I know that you met Chris Roffe—who you’d go on to start Montane with—during an expedition to Chile in the late 80s, but were mountains and hiking and everything always part of your life? Growing up in London, I can’t imagine you had the usual ‘outdoor founder guy’ route.

I came to the outdoors late, I think it's fair to say. I was into running in quite a big way—running quite a lot of marathons—but it wasn’t until ‘89 that I got into ‘the outdoors’—when I went and did this thing in Chile. It really changed my life—in fact, it changed everybody's life who was on that trip—it was incredible.

It was an organisation called Operation Raleigh which I must have seen on the six o’clock news or something.
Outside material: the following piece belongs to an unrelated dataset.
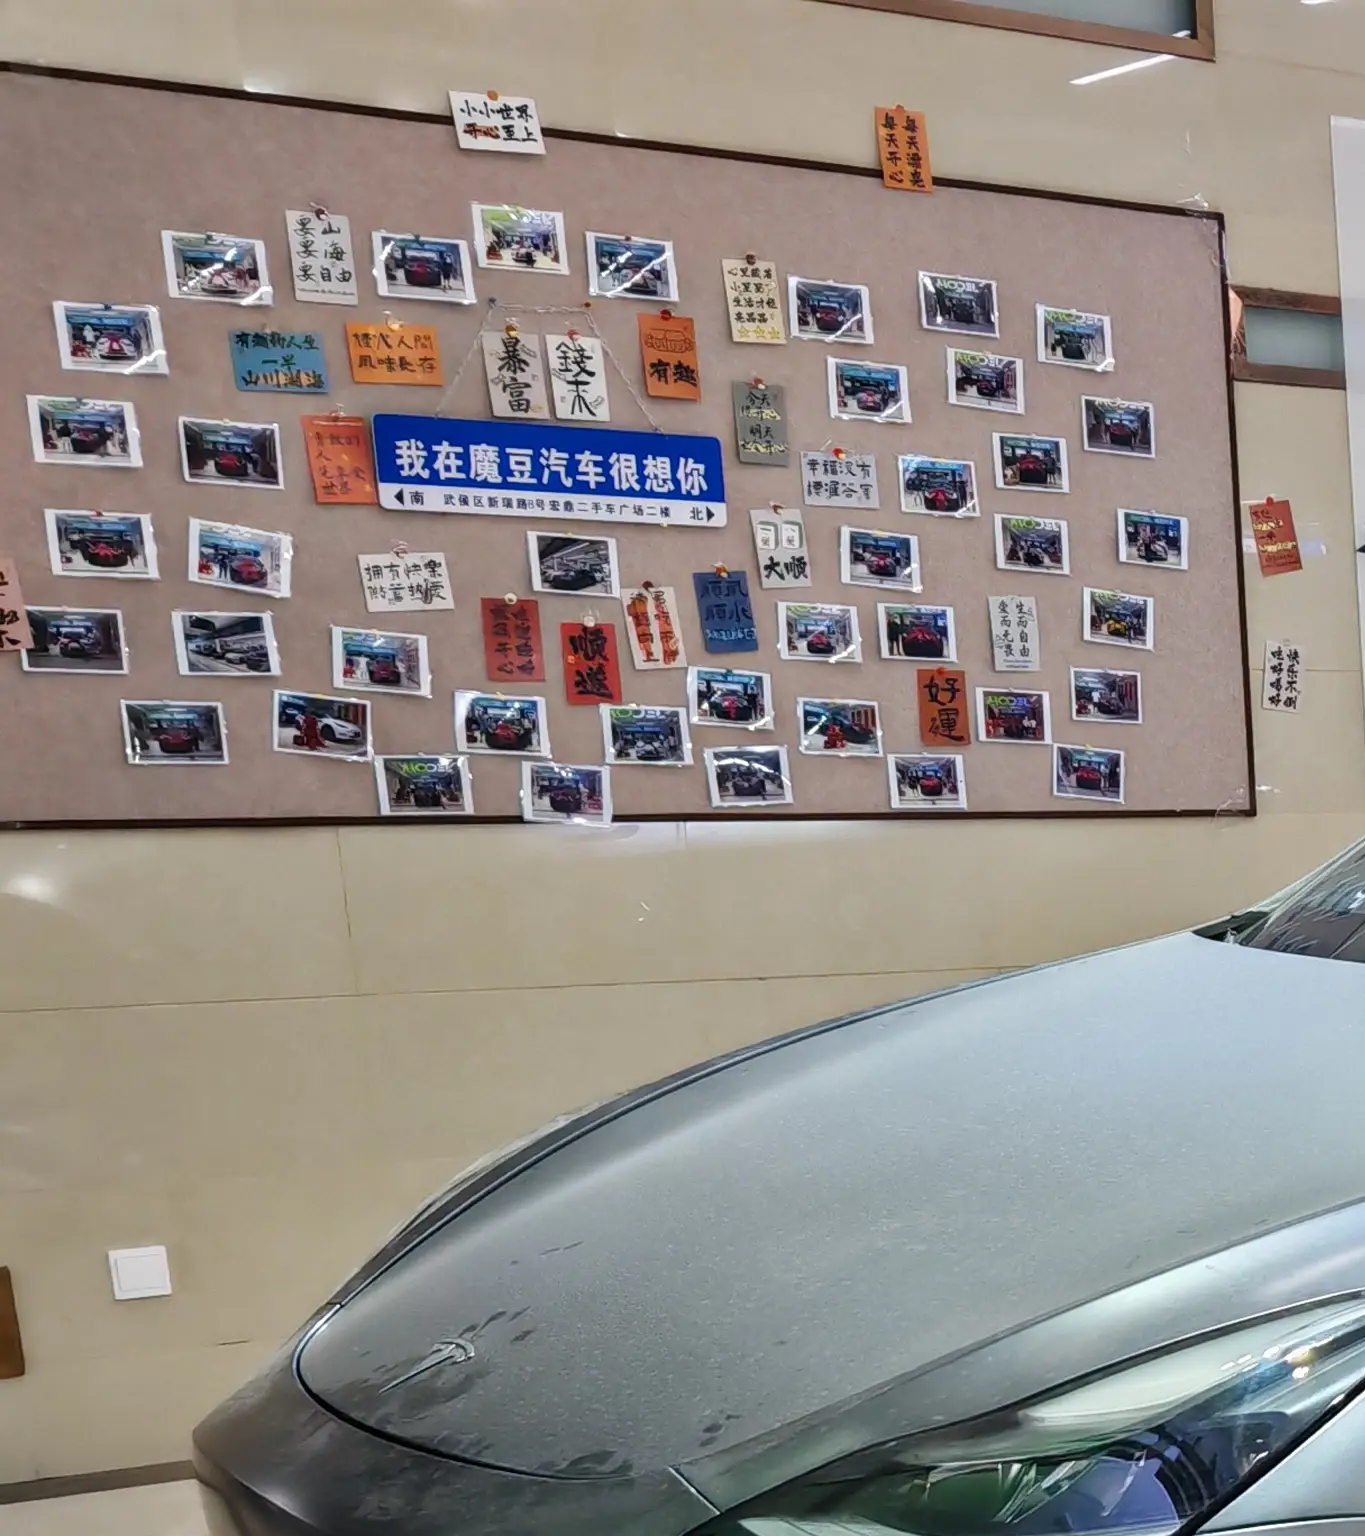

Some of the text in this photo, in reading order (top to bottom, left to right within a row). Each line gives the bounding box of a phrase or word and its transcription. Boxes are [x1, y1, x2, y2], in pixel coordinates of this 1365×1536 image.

[395, 438, 709, 496] 我在魔豆汽车很想你
[409, 491, 425, 506] 南
[690, 507, 704, 521] 北
I managed to get three months off work and go and do the expedition, and through that I met Chris and I really got into the outdoors, basically because I spent three months in a sleeping bag.
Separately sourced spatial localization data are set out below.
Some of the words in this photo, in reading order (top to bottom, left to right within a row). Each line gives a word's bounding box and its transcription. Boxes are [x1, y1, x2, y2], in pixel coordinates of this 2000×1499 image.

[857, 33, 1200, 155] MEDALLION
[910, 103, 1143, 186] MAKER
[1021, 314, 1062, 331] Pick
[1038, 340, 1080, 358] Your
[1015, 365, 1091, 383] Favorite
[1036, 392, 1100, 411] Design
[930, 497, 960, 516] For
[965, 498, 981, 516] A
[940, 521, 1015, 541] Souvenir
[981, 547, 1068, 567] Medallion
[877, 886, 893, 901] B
From there I suppose you'd call me a weekend warrior. I would blast up from London to the Lake District and Chris and I would go climbing or mountain biking or whatever, but I’d never say I was an extreme outdoor athlete. Looking back, I think it was probably better for me that I wasn’t, because it means I’m still passionate about the outdoors today—I never peaked or got fatigued with it. 

And even back then Chris was making his own gear wasn’t he?

Yes—he had a very humble existence as the son of a church minister in Scotland. I don't know too much about it—I'm not a religious devotee myself, nor was Chris—but his dad was a vicar. They were as poor as the proverbial church mice, so Chris would sometimes make his own clothing. When I first met him, he was wearing a jacket that looked like it was made out of an old tent… and lo and behold, it was! 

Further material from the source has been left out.